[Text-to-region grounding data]

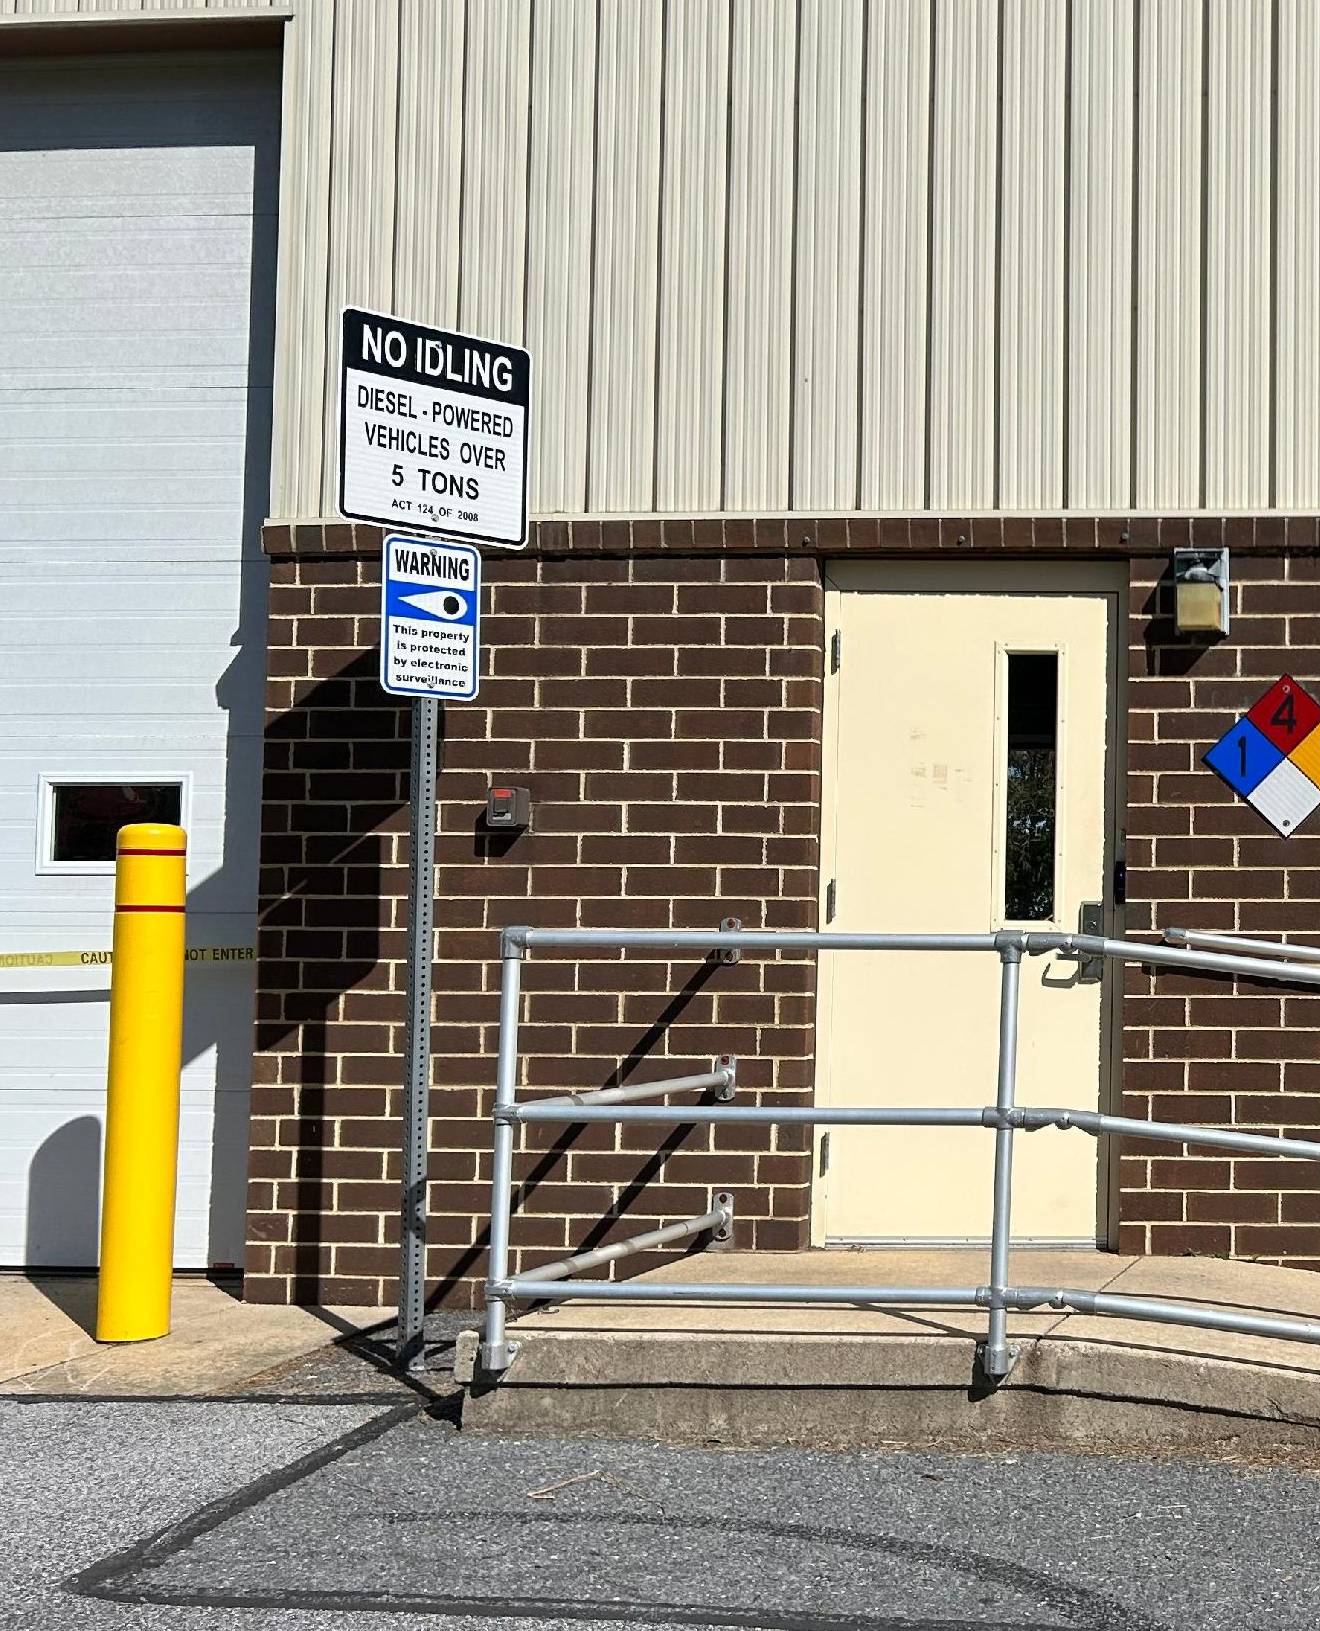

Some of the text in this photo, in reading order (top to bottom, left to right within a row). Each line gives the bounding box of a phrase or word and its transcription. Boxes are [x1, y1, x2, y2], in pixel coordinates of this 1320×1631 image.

[361, 323, 513, 392] NO IDLING
[357, 384, 418, 420] DIESEL
[432, 401, 514, 438] POWERED
[364, 421, 506, 472] VEHICLES OVER
[391, 464, 480, 501] 5 TONS
[391, 499, 479, 522] ACT 124 OF 2008
[394, 548, 470, 582] WARNING
[392, 624, 470, 644] This property
[396, 640, 466, 656] is protected
[393, 656, 469, 672] by electronic
[395, 674, 466, 688] surveillance
[1270, 693, 1297, 735] 4
[1237, 735, 1247, 778] 1
[212, 947, 254, 961] ENTER
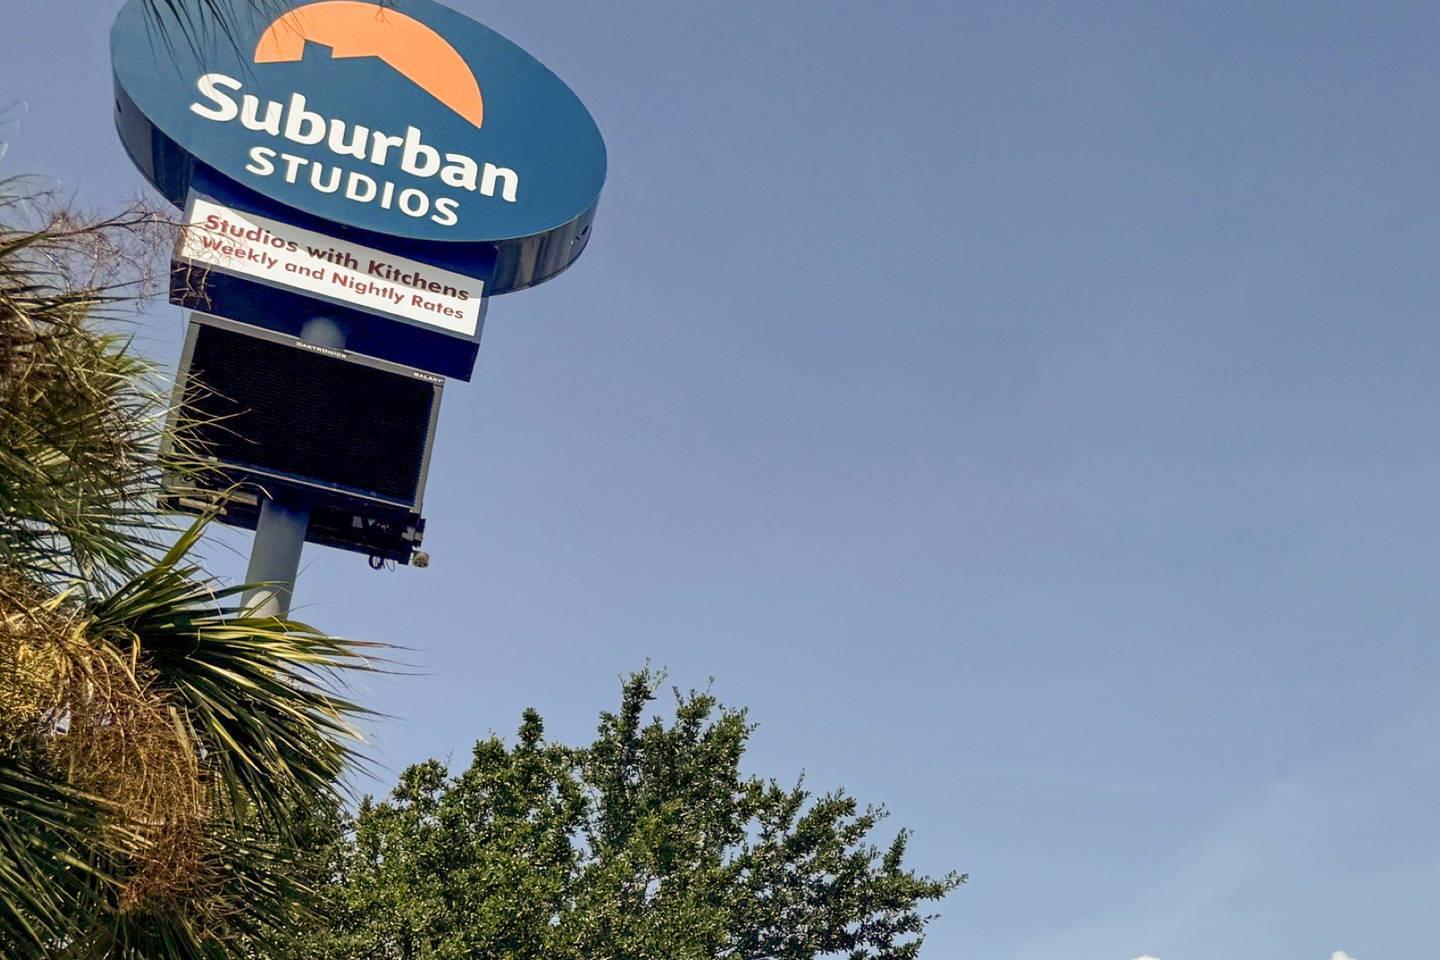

[WHAT THIS TASK INVOLVES] All of the data gets printed again exactly; the pictures do not.

[WRITTEN REPLY]
Some of the text in this photo, in reading order (top to bottom, left to right within a row). Each line gives the bounding box of a phrase or word and its transcription. Boxes are [x1, y1, x2, y2], in pixel coordinates of this 1320×1631 image.

[361, 323, 513, 392] NO IDLING
[357, 384, 418, 420] DIESEL
[432, 401, 514, 438] POWERED
[364, 421, 506, 472] VEHICLES OVER
[391, 464, 480, 501] 5 TONS
[391, 499, 479, 522] ACT 124 OF 2008
[394, 548, 470, 582] WARNING
[392, 624, 470, 644] This property
[396, 640, 466, 656] is protected
[393, 656, 469, 672] by electronic
[395, 674, 466, 688] surveillance
[1270, 693, 1297, 735] 4
[1237, 735, 1247, 778] 1
[212, 947, 254, 961] ENTER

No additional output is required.